| DESCRIPTION OF THE TASK |
Lines from the one containing "this 1280×1707 image." through the final line of the records are the only ones to copy, and each must match exactly.

| DATA RECORDS |
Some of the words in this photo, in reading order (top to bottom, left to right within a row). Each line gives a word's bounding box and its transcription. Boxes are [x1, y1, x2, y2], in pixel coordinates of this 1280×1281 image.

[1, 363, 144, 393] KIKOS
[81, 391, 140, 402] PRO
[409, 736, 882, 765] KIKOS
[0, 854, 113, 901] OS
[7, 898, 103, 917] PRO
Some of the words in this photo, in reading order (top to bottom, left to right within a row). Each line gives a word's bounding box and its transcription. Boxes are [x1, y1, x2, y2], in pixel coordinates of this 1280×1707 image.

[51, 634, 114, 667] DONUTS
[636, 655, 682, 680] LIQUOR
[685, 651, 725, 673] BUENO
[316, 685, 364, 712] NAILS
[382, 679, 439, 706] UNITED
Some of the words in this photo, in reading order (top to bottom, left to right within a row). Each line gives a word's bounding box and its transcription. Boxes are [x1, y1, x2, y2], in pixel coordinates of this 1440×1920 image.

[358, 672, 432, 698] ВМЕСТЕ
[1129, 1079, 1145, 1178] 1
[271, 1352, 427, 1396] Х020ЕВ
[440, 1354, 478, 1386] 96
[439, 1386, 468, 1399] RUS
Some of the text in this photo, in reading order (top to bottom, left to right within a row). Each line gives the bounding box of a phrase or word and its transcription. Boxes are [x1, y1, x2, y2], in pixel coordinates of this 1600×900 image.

| EXERCISE ANSWER |
Some of the words in this photo, in reading order (top to bottom, left to right within a row). Each line gives a word's bounding box and its transcription. Boxes are [x1, y1, x2, y2], in pixel coordinates of this 1280×1707 image.

[51, 634, 114, 667] DONUTS
[636, 655, 682, 680] LIQUOR
[685, 651, 725, 673] BUENO
[316, 685, 364, 712] NAILS
[382, 679, 439, 706] UNITED
Some of the words in this photo, in reading order (top to bottom, left to right within a row). Each line gives a word's bounding box and its transcription. Boxes are [x1, y1, x2, y2], in pixel coordinates of this 1440×1920 image.

[358, 672, 432, 698] ВМЕСТЕ
[1129, 1079, 1145, 1178] 1
[271, 1352, 427, 1396] Х020ЕВ
[440, 1354, 478, 1386] 96
[439, 1386, 468, 1399] RUS
Some of the text in this photo, in reading order (top to bottom, left to right within a row). Each line gives the bounding box of a phrase or word and its transcription. Boxes are [x1, y1, x2, y2], in pixel coordinates of this 1600×900 image.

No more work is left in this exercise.